There are, as noted in the quoted section above, issues with signing support, in that it can involve key distribution and trust, which are complex issues - that said, these issues need not be addressed by age, as a solution is not required to allow users that wish to validate that an encrypted file is from the expected sender/system to perform this validation. Adding optional support for signing a file with the sender's key is a trivial matter; adding an additional header to the age file format is a simple matter, adding CLI support for this is likewise, a simple matter.

In use cases where it is desirable to validate the sender, it would not be unreasonable to require users to transmit their public key out-of-band (from a UX perspective, this could use the proposed aliases.txt file to display a friendly name for known senders). It is possible that key distribution methods could evolve around age, though these should be allowed to evolve organically, and it is not necessary for age to address this at this point in time.

While there are tools such as signify and minisign (which I am personally a fan of), it is not a good user experience to require users to make use of an additional tool, with additional keys, to perform signing of files they produce.

I would propose that an optional header be added, which includes the sender's public key and a signature of the hash of the encrypted data. When a file is decrypted, this signature would be validated, and decryption should fail if this check fails.

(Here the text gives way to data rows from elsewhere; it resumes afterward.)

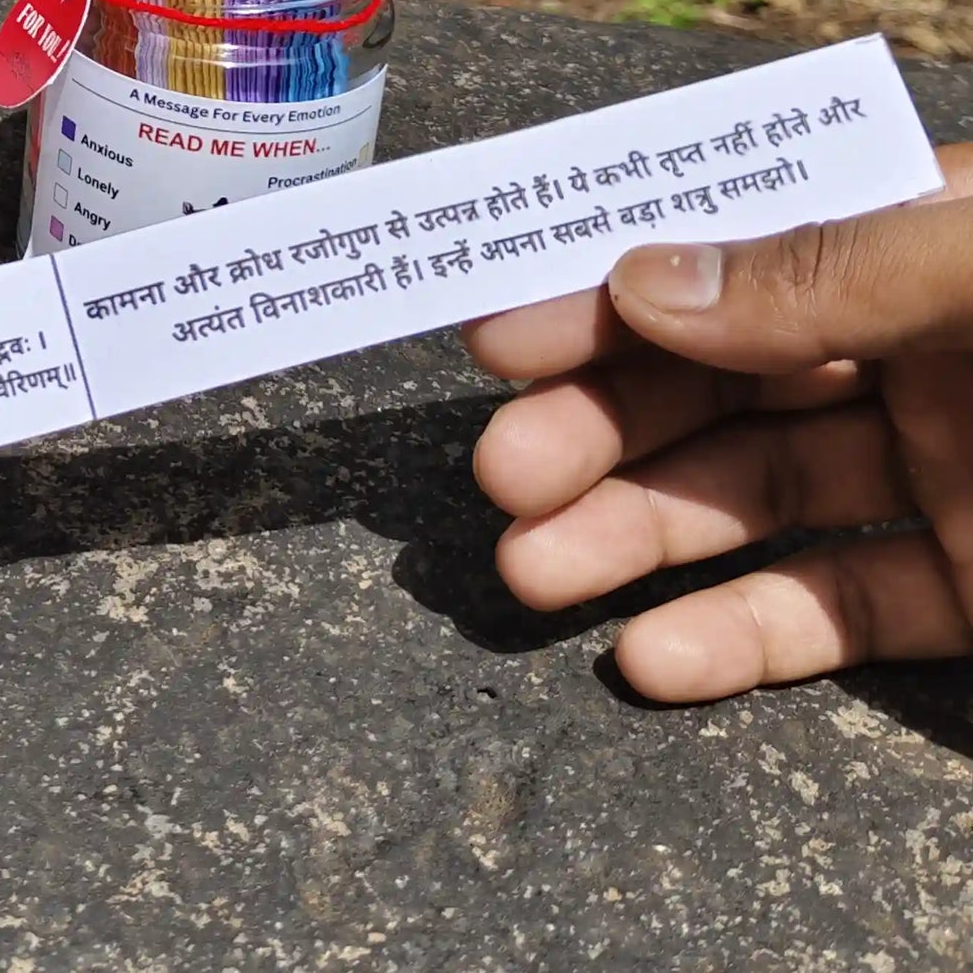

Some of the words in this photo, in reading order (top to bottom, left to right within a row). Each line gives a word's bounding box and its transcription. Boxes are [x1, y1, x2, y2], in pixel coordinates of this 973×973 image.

[16, 3, 45, 38] FOR
[130, 88, 140, 101] A
[144, 95, 209, 119] Message
[213, 108, 239, 121] For
[242, 111, 284, 125] Every
[288, 104, 341, 122] Emotion
[81, 133, 134, 168] Anxious
[138, 122, 202, 152] READ
[210, 139, 245, 157] ME
[252, 137, 331, 159] WHEN...
[77, 168, 119, 199] Lonely
[268, 157, 358, 189] Procrastination
[74, 202, 112, 231] Angry
[84, 280, 167, 322] कामना
[173, 264, 221, 295] और
[227, 248, 284, 282] क्रोध
[289, 228, 381, 262] रजोगुण
[385, 210, 411, 239] से
[415, 198, 481, 233] उत्पन्न
[484, 182, 530, 221] होते
[569, 167, 591, 194] ये
[594, 151, 652, 187] कभी
[657, 142, 706, 178] तृप्त
[711, 121, 758, 156] नहीं
[762, 108, 811, 147] होते
[818, 96, 868, 125] और
[172, 306, 246, 344] अत्यंत
[249, 262, 388, 322] विनाशकारी
[429, 239, 474, 278] इन्हें
[480, 228, 547, 263] अपना
[552, 205, 613, 241] सबसे
[618, 198, 667, 228] बड़ा
[671, 184, 719, 213] शत्रु

The user can either manually review the public key for a match to known senders, or age could look up the public key in the proposed aliases.txt file and display a friendly name. This could be done with minimal impact, would improve protection of files that have been signed, and require no extra effort from those that don't have a need to perform this validation.

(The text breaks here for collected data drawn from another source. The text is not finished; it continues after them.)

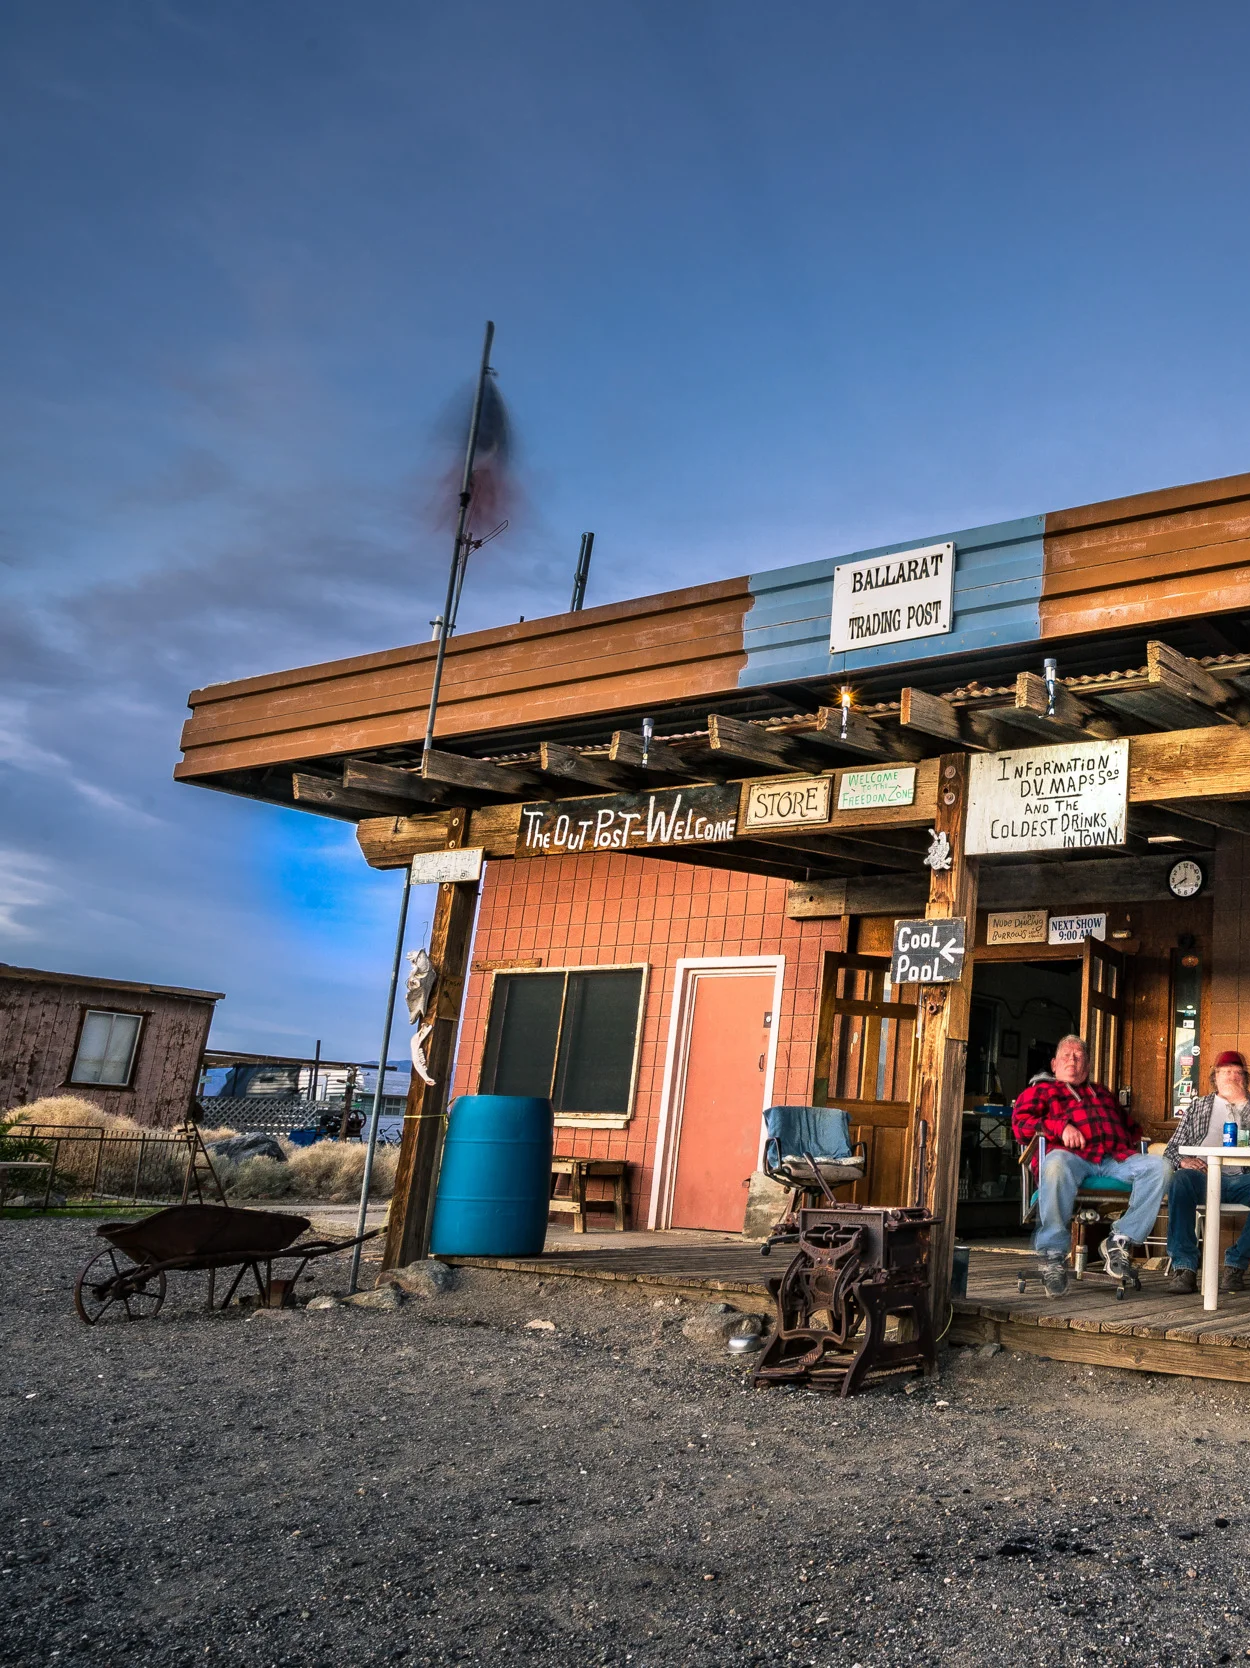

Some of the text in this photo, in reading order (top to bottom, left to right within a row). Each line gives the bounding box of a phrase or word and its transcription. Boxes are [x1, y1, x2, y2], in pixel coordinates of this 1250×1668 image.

[852, 554, 943, 593] BALLARAT
[849, 600, 942, 640] TRADING POST
[848, 772, 898, 787] WELCOME
[1050, 774, 1095, 795] MAPS
[754, 787, 818, 818] STORE
[842, 786, 914, 807] FREEDOM ZONE
[1024, 803, 1049, 815] AND
[1051, 917, 1103, 931] NEXT SHOW
[1058, 928, 1093, 940] 9:00 AM

I appreciate that this could lead to a push for greater development of a key distribution & trust solution (which could evolve into a interesting side project, though that's another conversation), though it will without doubt lead to a better user experience and lead to further use cases for age.

@tqbf
Copy link

tqbf commented Dec 30, 2019

Arguments against signature support:

  • There's already a good, relatively modern signature system available to everything that would use age (minisign/signify), and we should be encouraging its adoption, not confusing it.

  • Signature support creates an affordance for using age for secure messaging, an application for which it is not at all suited.

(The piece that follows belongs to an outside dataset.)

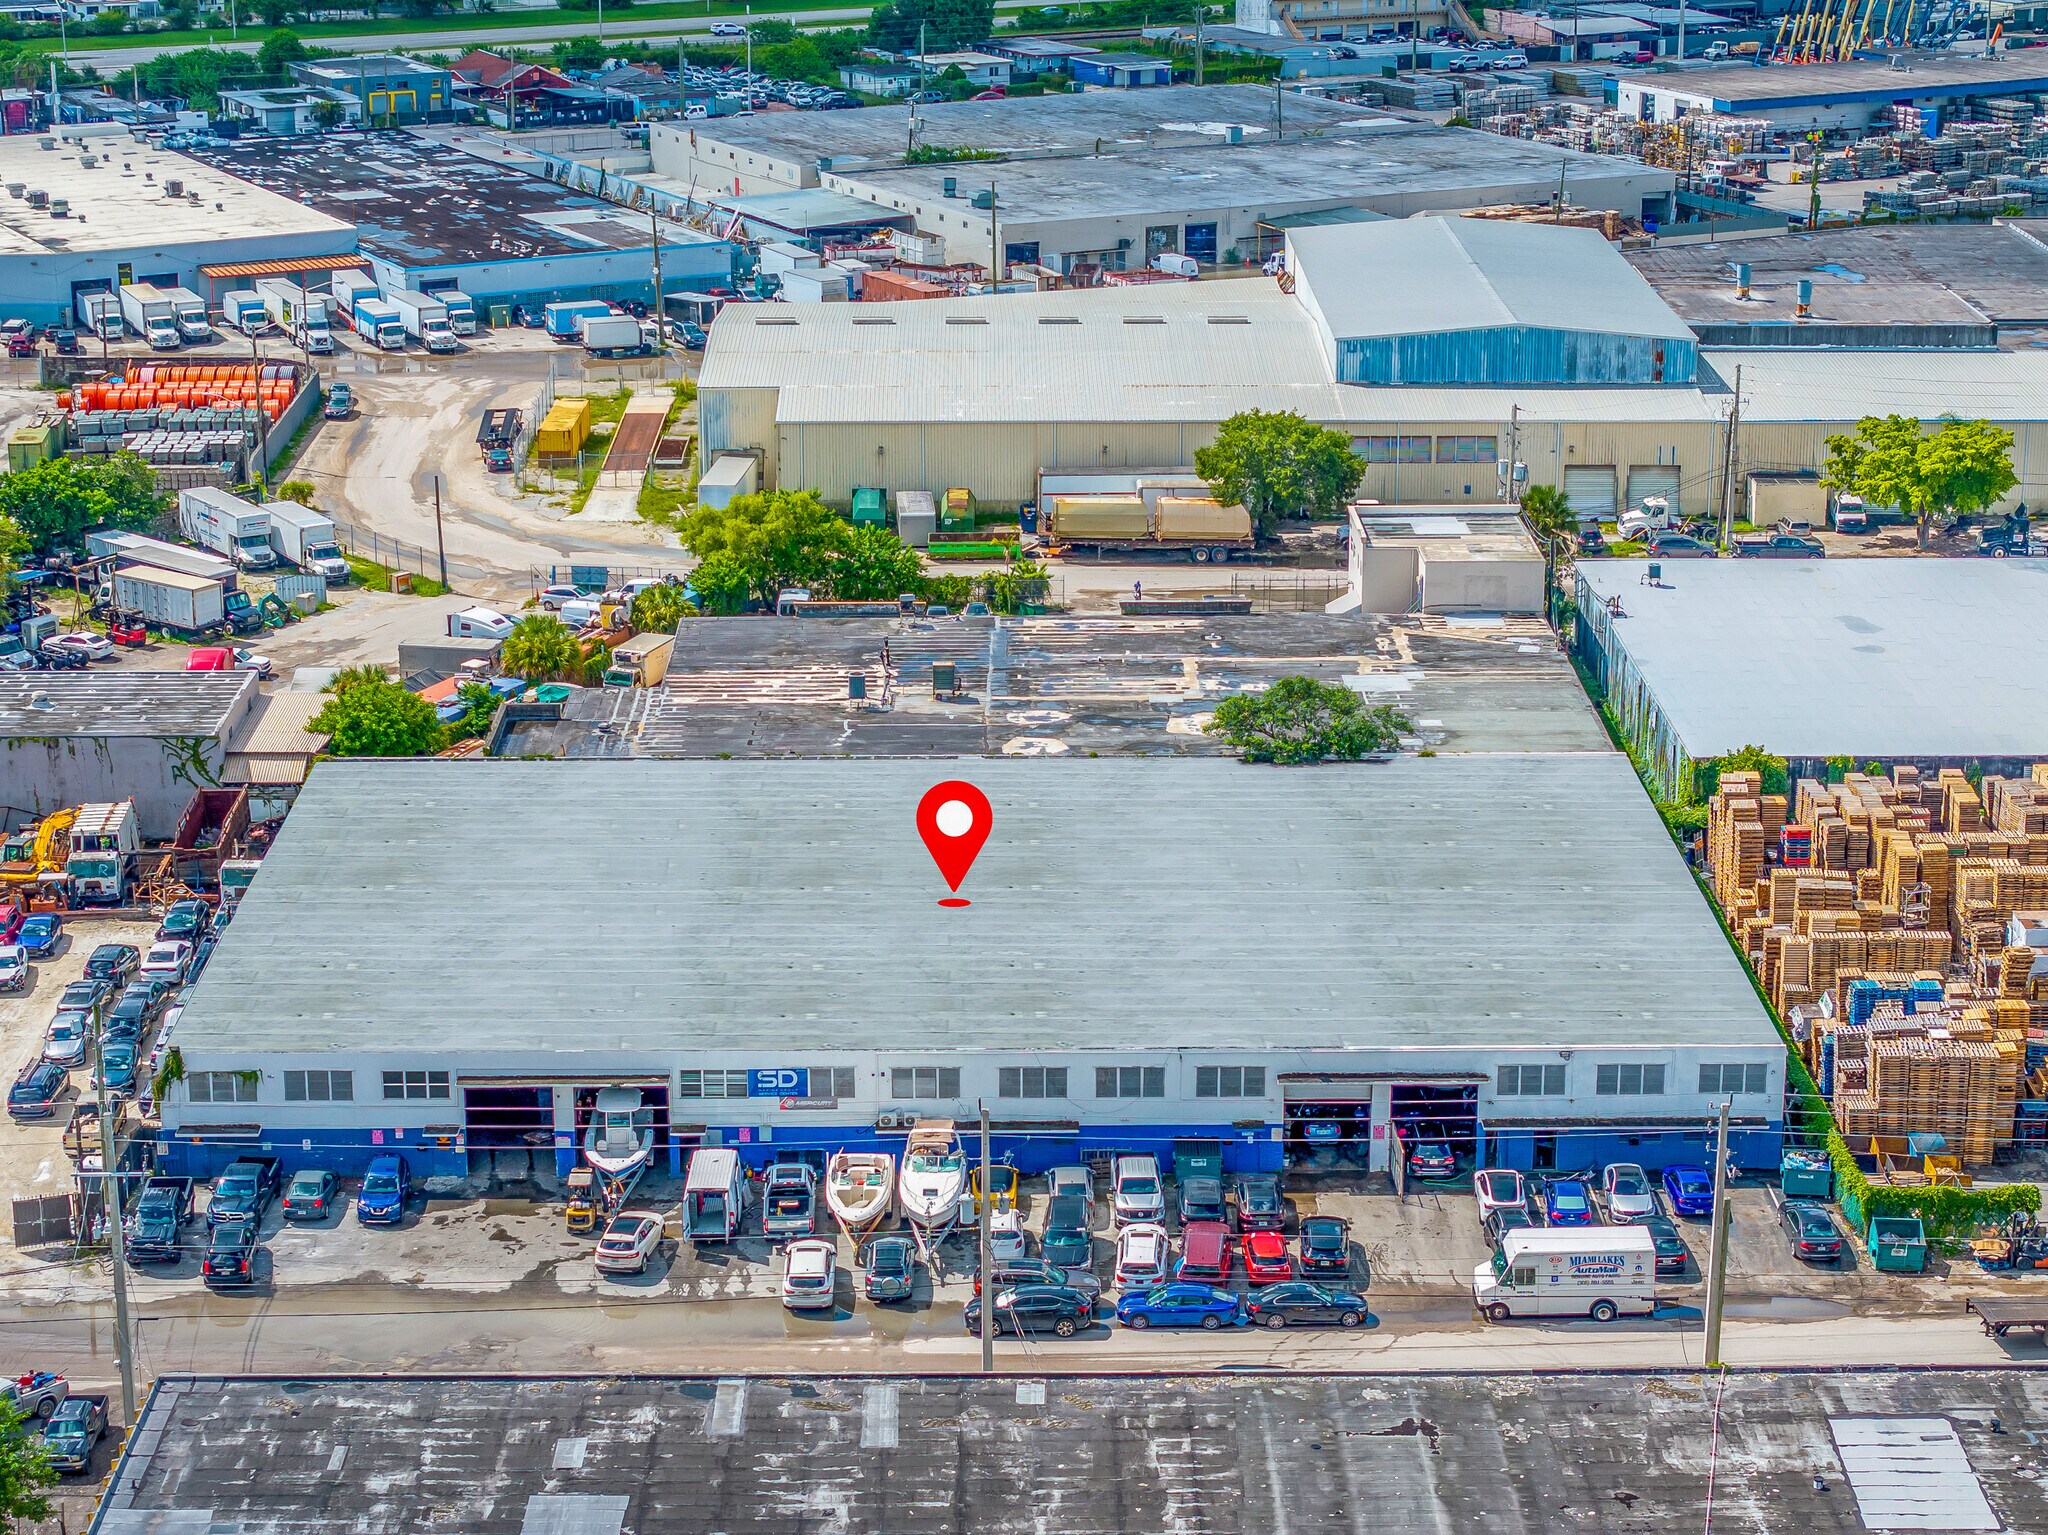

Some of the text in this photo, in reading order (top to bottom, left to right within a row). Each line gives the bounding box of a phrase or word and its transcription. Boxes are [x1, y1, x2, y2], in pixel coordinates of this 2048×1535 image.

[98, 863, 109, 876] R
[757, 1070, 798, 1088] SD
[1569, 1255, 1625, 1267] MIAMI LAKES

  • Signatures have weird UX interactions with authentication (you could argue that confusion here is at the heart of the PGP MDC problem),

  • The signature proposal here adds optional headers and, in effect, opens a door to protocol negotiation that may be hard to close.

Ultimately, the issue I see with signatures is that it's not clear what the use case is, and one of the best things about age is that it's fiercely scoped down to its use case. If someone comes up with a clear use case for signed encrypted files that isn't "very bad version of Signal", the formats for both minisign and age are well-documented and both are available as libraries; nothing stops people from using them both.

@iger
Copy link

iger commented Dec 31, 2019

I wholeheartedly agree with all of @adamcaudill's reasoning, except the proposed implementation.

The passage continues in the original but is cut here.